Der Hintergrund ist ihre Verehrung der Naturelemente Feuer, Wasser, Erde, Luft, die durch die Verwesung Verstorbener nicht verunreinigt werden dürfen. Es sind zwei Hügel mit einem Steinring auf dem Gipfel erhalten. Einen besteigen wir. Oben findet sich lediglich noch eine Mulde in der früher die abgenagten Knochen bestattet wurden. Man hat einen herrlichen Blick über die Stadt von dort oben. Unten liegen einige Gebäude in denen die Totenwäscher und entfernt lebende Angehörige wohnten. Auf dem Weg in die Stadt bringt Sorush uns zu einigen Mühlen, in denen Mehl, Gewürze und Henna gemahlen wird. Dann geht es in die Altstadt (Weltkulturerbe) direkt zur Freitagsmoschee, deren schlanke Minarette schon von Ferne zu sehen sind. Das Innere enthält einen schlichten, aber sehr schönen Fliesenschmuck. Dann Bummel durch die Altstadt und Besuch einer alten Schule in deren Räumen sich heute vorwiegend kleine Handwerksläden befinden. Wir werfen einen Blick auf die türkisfarbene Kuppel des Mausoleums von Seyyed Rukn ad-Din, das Mittwochs nur für Frauen geöffnet ist. Dann wollen wir zu einer kleinen Rast zu Sorushs Hotel gehen und davor stehen zwei Schweizer Landrover. Im Inneren sitzen die beiden Schweizerinnen, denen wir bei ihrem Unfall beigestanden haben. Sie strahlen uns an, der Wagen war in einem Tag repariert ohne Kosten für sie und sie können ihre Fahrt wie geplant fortsetzen. Wir sitzen lange zusammen und plaudern.Dann brechen wir zum Nachmittagsprogramm auf und gehen zum Meydan-e Mir Chaqmaq, einem  Platz (Tekiyeh) mit einem großen Schmuckportal, der früher für Feste und Versammlungen genutzt wurde.

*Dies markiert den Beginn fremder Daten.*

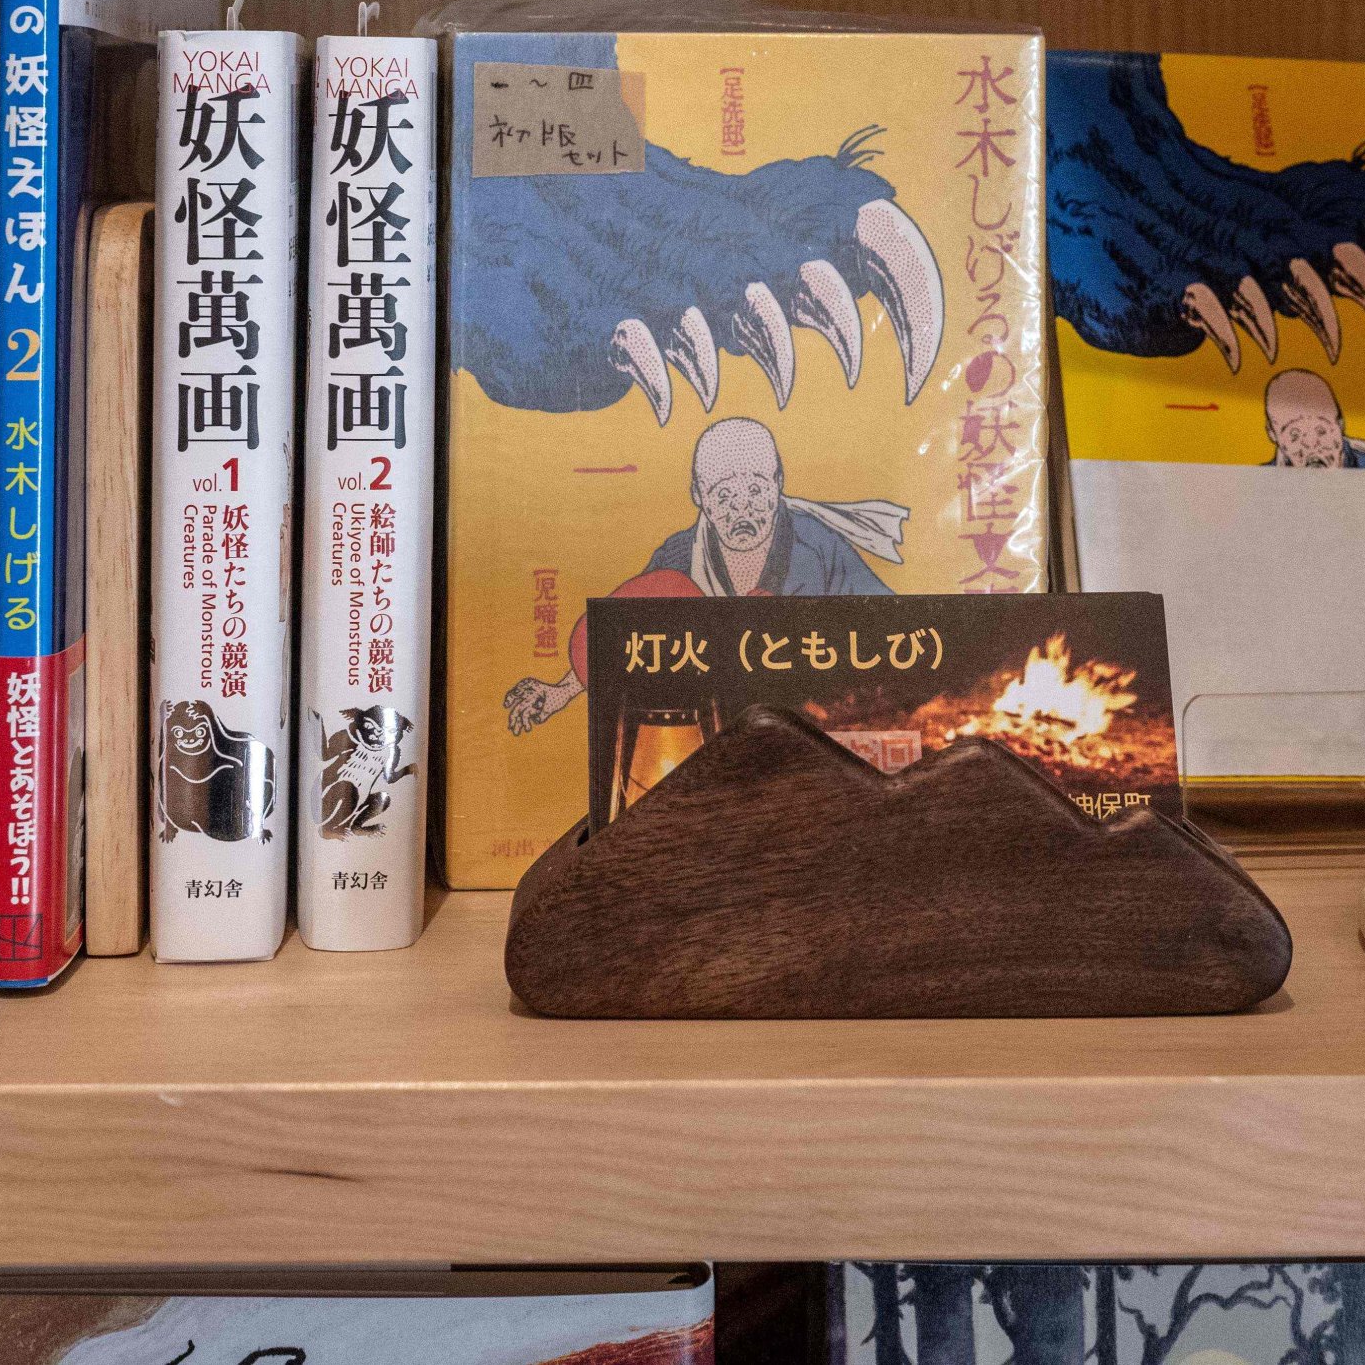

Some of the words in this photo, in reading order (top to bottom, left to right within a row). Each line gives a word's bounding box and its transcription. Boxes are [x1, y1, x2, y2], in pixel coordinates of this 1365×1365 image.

Yazd, Meydan-e Mir Chqmaq, Zurkhaneh

Auf ihm steht auch der größte Festwagen (Naql) der Stadt. Besuch des Wassermuseums in dem die Wasserversorgung der Stadt mit Kanälen (Qanaren) erläutert wird, einem System, das wir schon in Marokko kennen gelernt haben. Man begreift hier, welchen großen Stellenwert die Versorgung mit Wasser für die Wüstenbewohner hatte. An einer Ecke des Platzes befindet sich die bekannteste Konditorei von Yazd (Hadjj Khalife) in der wir süße Mitbringsel kaufen. Direkt dahinter liegt ein altes Wasserreservoir mit fünf Windtürmen. Darin befindet sich heute eine Turnhalle (Zurkaneh), in der Männer den typisch iranischen Kraftsport, eine Mischung aus Gymnastik und Kraftübungen mit Keulen und Ketten ausüben. Dazu schlagen zwei Trommeln den Rhythmus und ein Sänger trägt Lieder und Gedichte vor. Touristen sind gegen einen kleinen Obolus zugelassen. Wir schauen dem Spektakel eine halbe Stunde zu, dann dröhnen uns die Ohren.